As seen on the iX, the wide curved display has also made its way into the new 7 and while I adored the iX’s lovely interior, the new 7 has brought the interior game up to another level with superlative textures, materials and crystal panels now surrounding the entire cabin acting as both a visual delight and as an interactive element between the vehicle and occupants. It truly is a sight to behold.

Adding to the atmosphere of the cabin is a very unique selection of materials to further elevate the interior, cashmere wool for the seat surfaces, crystal buttons, open-pored wood trim and stainless steel speaker covers.

These crystal buttons also activate one of the new 7’s party pieces, the automated door opening and closing functions.

But of course, quite literally the biggest key feature of the interior has to be the very impressive theatre touchscreen display measuring a full 31.3 inches across with Amazon Fire TV built-in. Paired with the 7’s Bowers & Wilkens optional 36-speaker, 1,965 watt Diamond Surround Sound System, the BMW theatre screen can deliver an experience quite unlike any other you’ve experienced in a car. It is genuinely mind-blowing, and all can be controlled from the rear via integrated touchscreen panels located on each door.

Also impressive from an engineering standpoint is all the work that has gone behind to ensure all safety and crash protection aspects of the interior were met during its development with the theatre screen added in. It must have caused plenty of sleepiness nights.

For those who prefer a more traditional drivetrain, BMW also showcased an M-performance equipped 760i draped in satin black paint with gloss black trim accents all around.
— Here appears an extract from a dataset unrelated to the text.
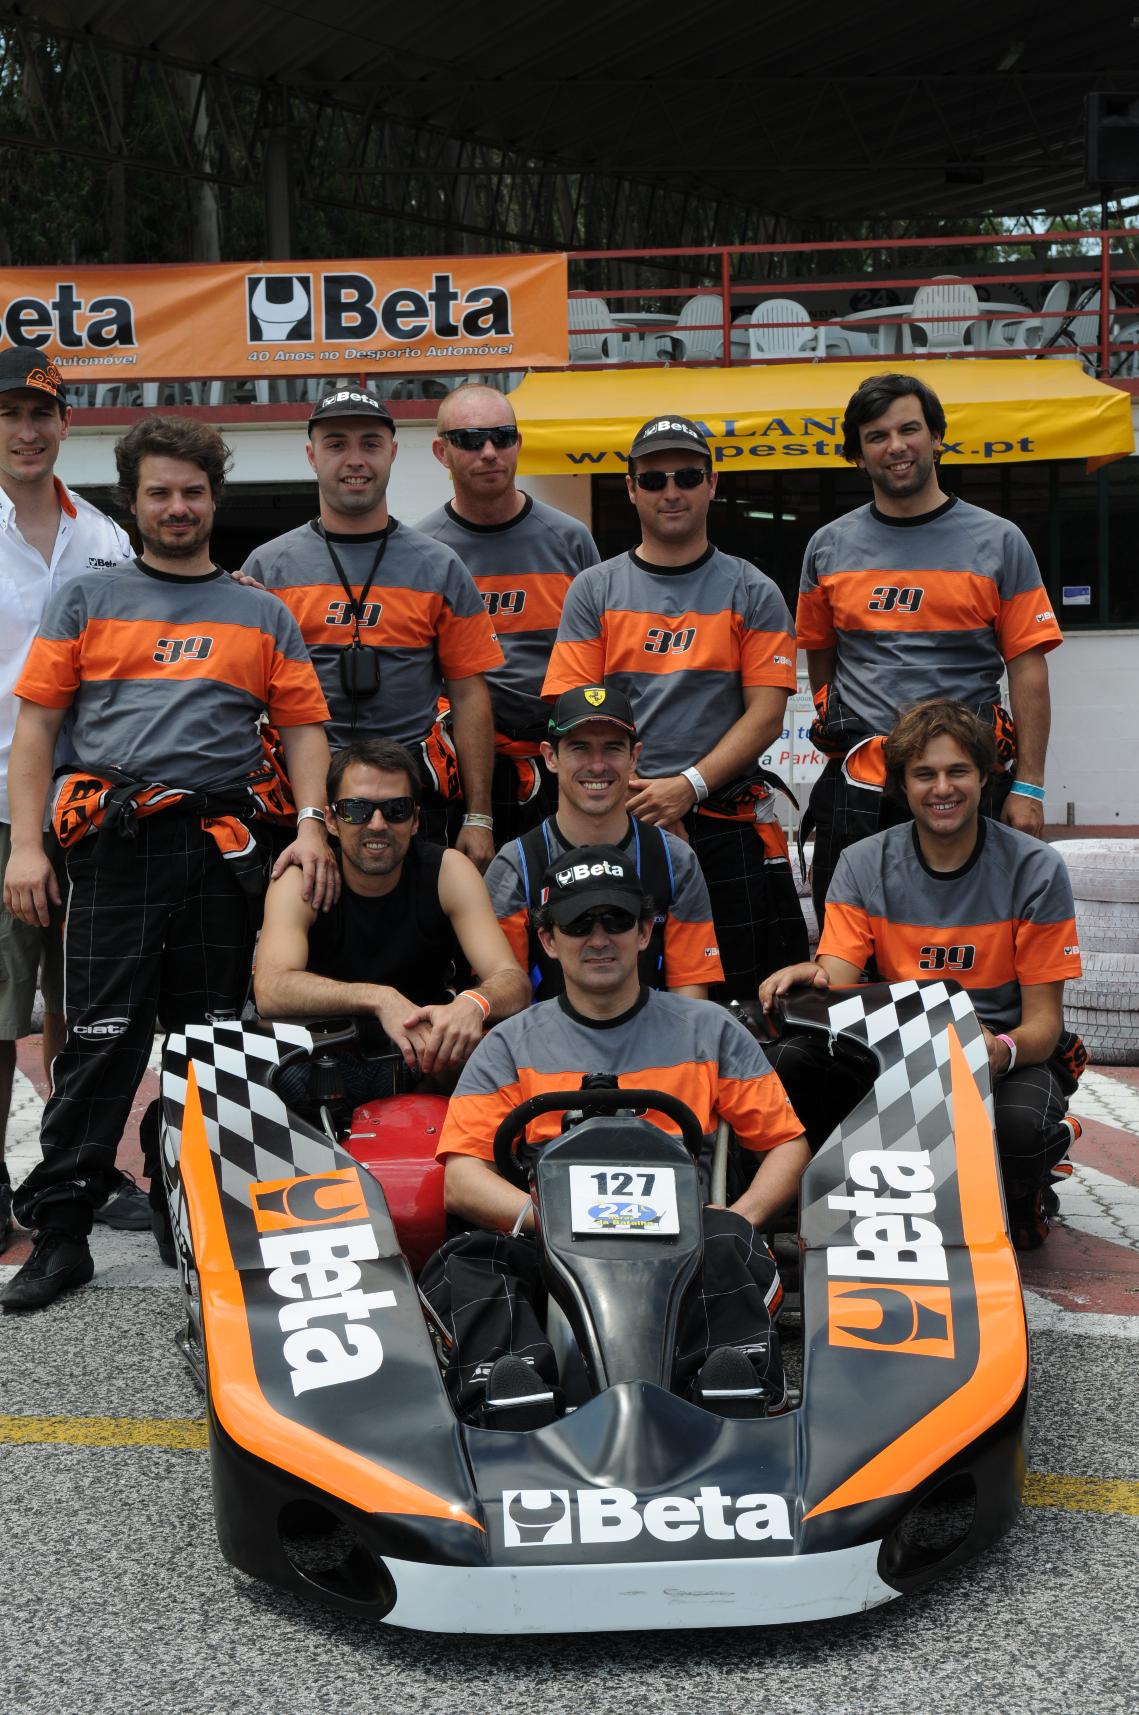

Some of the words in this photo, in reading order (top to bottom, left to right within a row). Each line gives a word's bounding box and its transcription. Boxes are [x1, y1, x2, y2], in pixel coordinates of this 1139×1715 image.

While I’m sure many will like this stealthy colour, I’d much prefer a less menacing outlook.

With a 4.4-litre V8 slotted underneath the bonnet, passengers probably won’t get much time to finish any movie.

The new 7’s automatic doors can also be activated from the exterior with these small pushbuttons located inside the flushed door handles.

To wrap up from Munich, while the latest 7 definitely has its individuality aspects covered when it comes to its distinctive styling and hugely impressive exclusive features, it does at the same time represent choice. A choice to do things differently when it comes to engineering and crafting an excellent automobile, a choice for going against the tide of design and embracing change, and a choice to create their masterpiece by constantly looking ahead.

We’ll be patiently awaiting its arrival in Singapore.